Figure 1. The PHILLS hyperspectral imager. The imager is approximately 25 cm long, and has a mass of approximately 6 kg.
The HyperSpec™ VM-15 spectrometer used in the PHILLS, shown in cross section in Figure 2, was developed in a
collaboration between NRL and American Holographic, Inc., now Agilent Technologies. The spectrometer is an Offner
design that has inherently low smile (change in dispersion with field position) and keystone distortion (change in
magnification with spectral position), both modeled to be less than 0.1%. The spectrometer design incorporates a
convex reflective grating corrected for astigmatism, and was further optimized by selecting mirror tilts and the grating
holographic construction points to balance third- and fifth-order astigmatism.
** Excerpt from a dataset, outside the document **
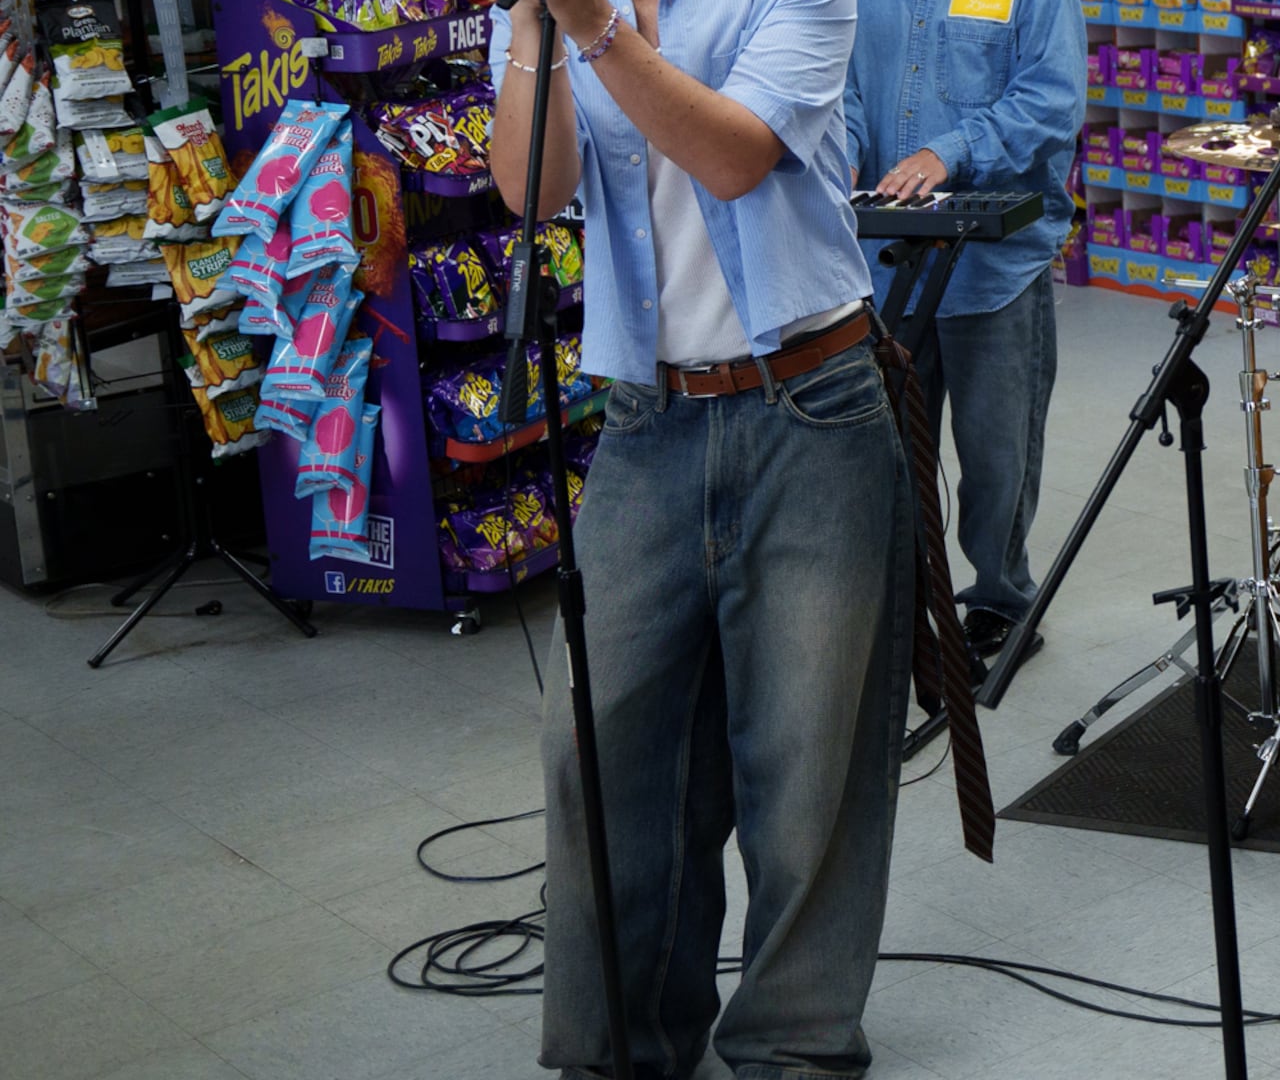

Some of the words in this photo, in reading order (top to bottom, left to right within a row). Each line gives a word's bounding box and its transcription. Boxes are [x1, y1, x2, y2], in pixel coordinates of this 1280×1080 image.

The dispersed image illuminates 1024 x
512 pixels of a 1024 x 1024 thinned, backside-illuminated CCD in a camera from PixelVision, Inc. The wavelength
range from 400 to 1000 nm is dispersed over approximately 500 pixels, yielding spectral binning as fine as 1.2 nm. The
backside illumination provides high quantum efficiency in the blue wavelengths, and the approximately 30 electron read
noise and 14 bit digitization enable the high signal to noise required to derive quality data products from the low albedo
water scenes. The focal plane assembly incorporates a zero order beam dump and an order-sorting filter to block the
second order spectrum. The PHILLS camera is controlled by a Windows-based personal computer through a PCI
interface card. The camera is usually commanded to bin internally in the spectral direction by 4 or 8, producing nominal
5 or 10 nm spectral bins, and when binning by 8 can achieve frame rates in excess of 70 frames per second. The image
data are written to the computer hard drive for later processing, analysis, and archiving.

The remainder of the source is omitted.